You know, back in the early days of my reading this strip, if an elderly, bald African-American man showed up on the Milford campus to offer free advice to the student-athletes, he would be named Clambake and his stories about having played in the Negro Leagues would turn out to be made up. You have to admit, this is a significant upgrade that I’m not sure the Milford teens deserve.

Post Content

Daddy Daze, 3/20/23

OK, I know we’re all in agreement that the Daddy Daze daddy is deep in the throes of some kind of kind of seriously delusional state, but this is truly one of the most wack Daddy Dazes yet. The Daddy Daze daddy … likes all teams, equally? Like, from all sports? And thinks rooting for one in particular is a Sophie’s Choice situation? When it’s actually 100% how sports fandom works, you just pick one for more or less arbitrary reasons involving where you live or what players you liked when you’re between the ages of 8 and 12 or who your friends root for?

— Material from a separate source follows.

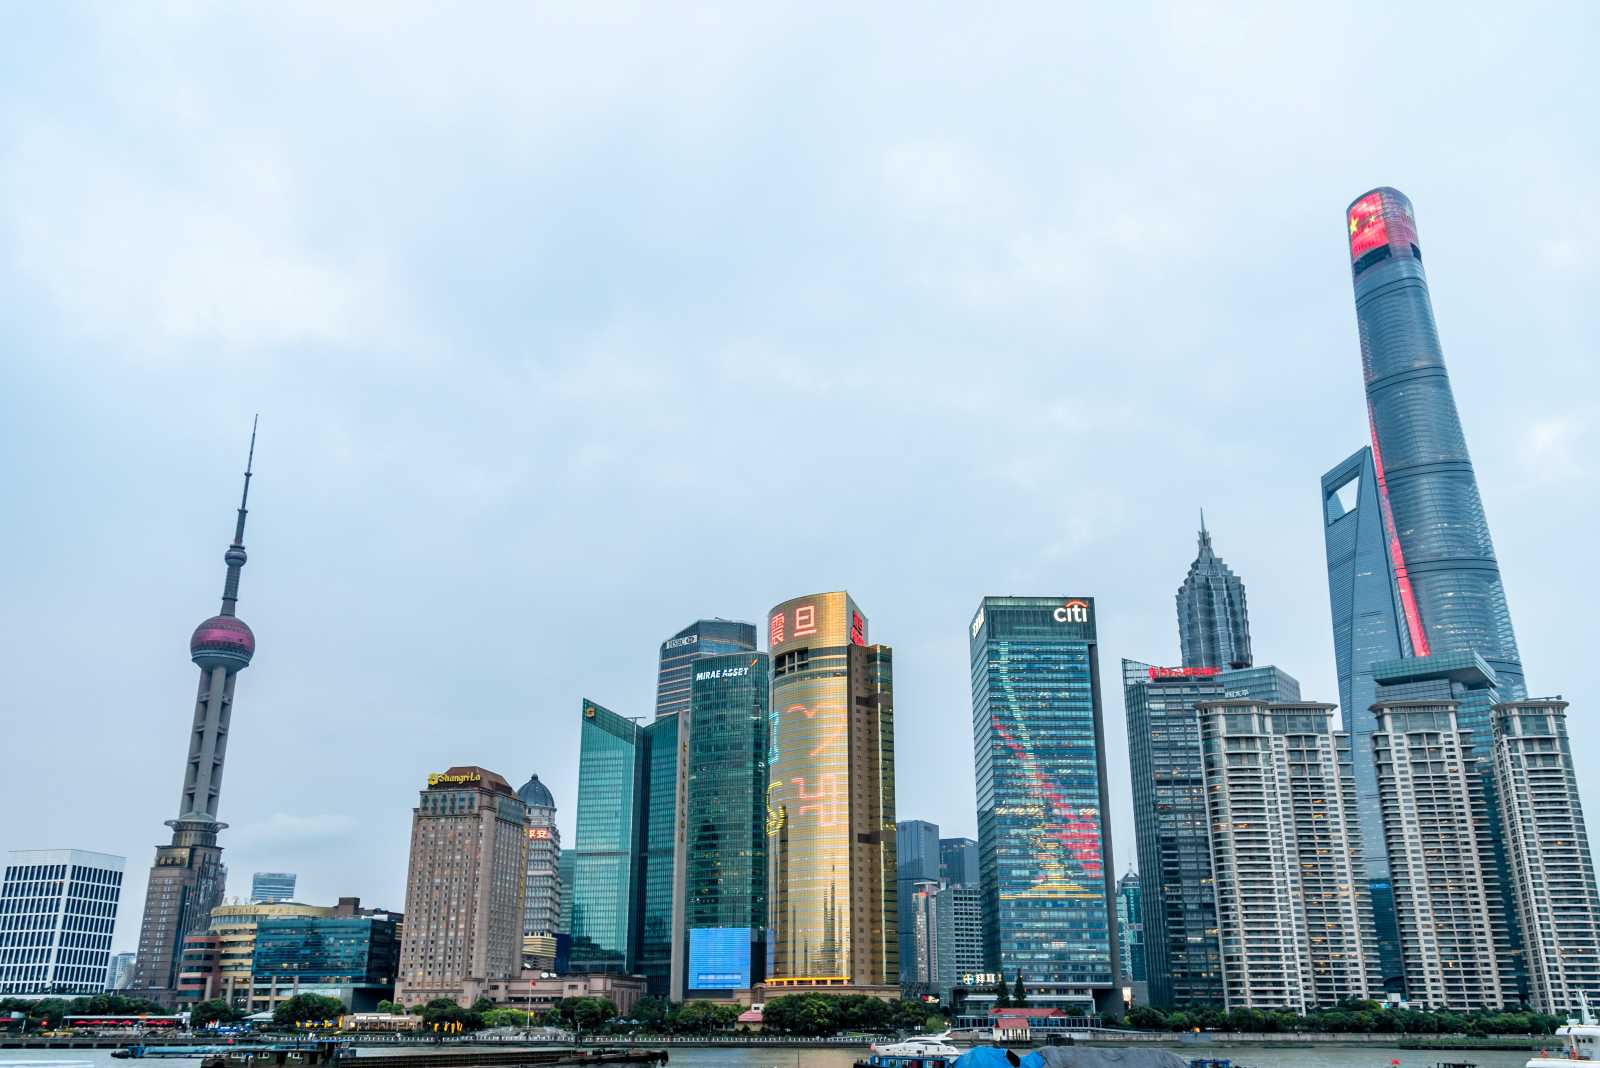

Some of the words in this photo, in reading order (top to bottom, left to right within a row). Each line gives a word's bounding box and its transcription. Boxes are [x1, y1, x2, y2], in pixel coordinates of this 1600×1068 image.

And also he’s not in the position of picking a favorite child, so the metaphor doesn’t make any sense, which he admits two panels later???? It’s a good thing the Daddy Daze baby is too young to actually understand speech so his tiny mind won’t be permanently warped by all this.

Family Circus, 3/20/23

I do love that in Billy’s vision, his father is being angrily berated by the family doctor. I’m not sure if this is meant to indicate that he has an overly literally idea of how our for-profit health care system works, or if this is a sad reflection of how he’s treated when he inconveniences his parents by becoming ill.